One of the participant who attended the 6-Hour Virtual Seminar on The DHF, DMR, DHR, EU MDR Technical Documentation Similarities, Differences and The Future asked:

I would like to ask what I need to do for legacy medical devices (FDA Class 2).

My company has 510(K) clearance back in 2000. Since most of the requirements happened post 2000, may I know what I should for the legacy medical device related to:

  • DHF (should I remediate it?) – some of the info may not be available (i.e., design review/meeting minutes/decision, formal approval (no proper documents control before), other validation records)
  • ANS:  Where the DHF was complete in 2000 . it does not need remediation.  Areas of incompleteness can be added by researching old documentation, interviews, lab books, etc.  and added (not backdated) to the DHF with explanation. Known missing data can also be stated and a document / memo to file added (actually or as an addendum).  Subsequent changes are addressed in the DHF if your company keeps it open / controlled, but as I mentioned in the webinar, I don't recommend that.  I recommend changes controlled by 1) a new DHF if extensive, 2) an addendum to the old DHF if extensive, or 3) use the CGMP Change Order system, 820.40(b).  In all cases, a change, single or cumulative, must be evaluated / documented, as to the need to file a new 510(k). Remember to view the DHF through both regulatory and IP (intellectual property) "eyes".
  • Risk Management (RM) – DHF has been closed and now tracked under DMR – do I need to go back to update RM (per latest standard) during design stage which has been closed? Or update incremental to the latest standards? Or it’s OK to meet RM requirements at the time of design stage & no further work required (perhaps only periodical review post-market)?
  • ANS:  Although RM should be done as part of the Design (Design Control, 820.30, ISO 13485  7.3) process. since RM drives all device decisions throughout its lifecycle, the RM File must be a living / controlled document, updated as new applicable information becomes available (through CAPA, V&V, industry data, annual quality review, etc.). That's why I recommend in the webinar that the RM File and Use Eng'g File (if any) have a non-controlled copy in the DHF (or a pointer to it/ them), of the version used during the design phase, prior to Design Transfer , and the actual RM (UE) Files be active and controlled (change controlled).
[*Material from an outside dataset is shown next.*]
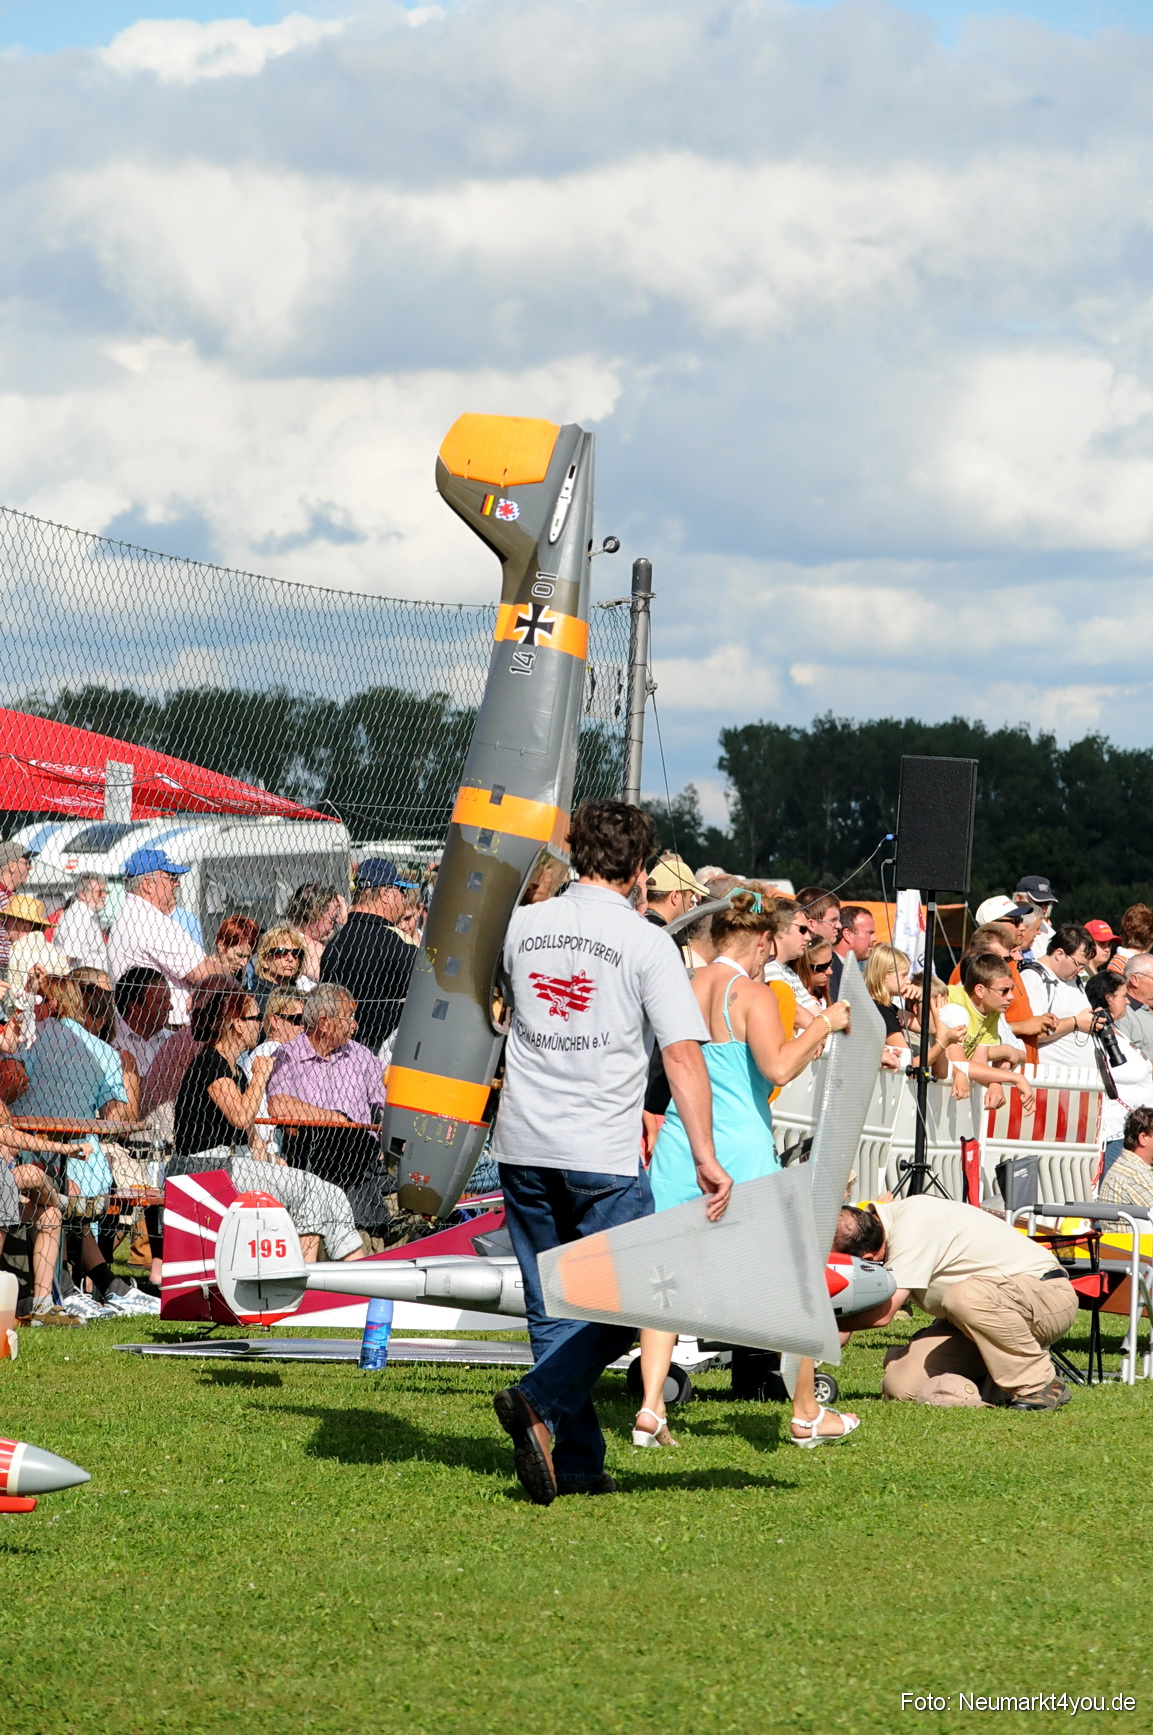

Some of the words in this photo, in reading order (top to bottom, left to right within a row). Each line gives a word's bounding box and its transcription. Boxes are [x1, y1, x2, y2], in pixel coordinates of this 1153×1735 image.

The new version of ISO 14971 adds the need to add systemic RM considerations to the QMS.  Any change in emphasis re: Device (not QMS) RM based on the new 14971 rev could be addressed during one of those reviews / file updates. 
  • IEC62366 – As it comes after 2000 which was not done before during 510(K) approval, do I still need to do it if no major changes to medical devices which have been shipped to market for ~20 years? I come across User Interface of Unknown Provenance (UOUP), what’s the minimum efforts that I need to take?
  • ANS:  You as a company need to decide based on novelty of your device and any user interface concerns that are still applicable 20 years later.  Human factors was a concern with the FDA in 2000, when they starting publishing documents on it.  If your product / family has minimal field problems due to design / interface issues, I personally haven't seen regulatory agencies raise an issue about it.
  • ANS:  If the use interface falls under UOUP, you should consider all 9 stages of 62366-1, and revisit those that don't appear to be addressed, and/or pose a high risk to the end user / patient; and document this evaluation - basically a Gap analysis. Some devices are so obvious as to use (or are subject to med school, et al, training) that a UE analysis may not be justified, e.g., standard needles. Address in your applicable SOPs, and by a written rationale / letter to file.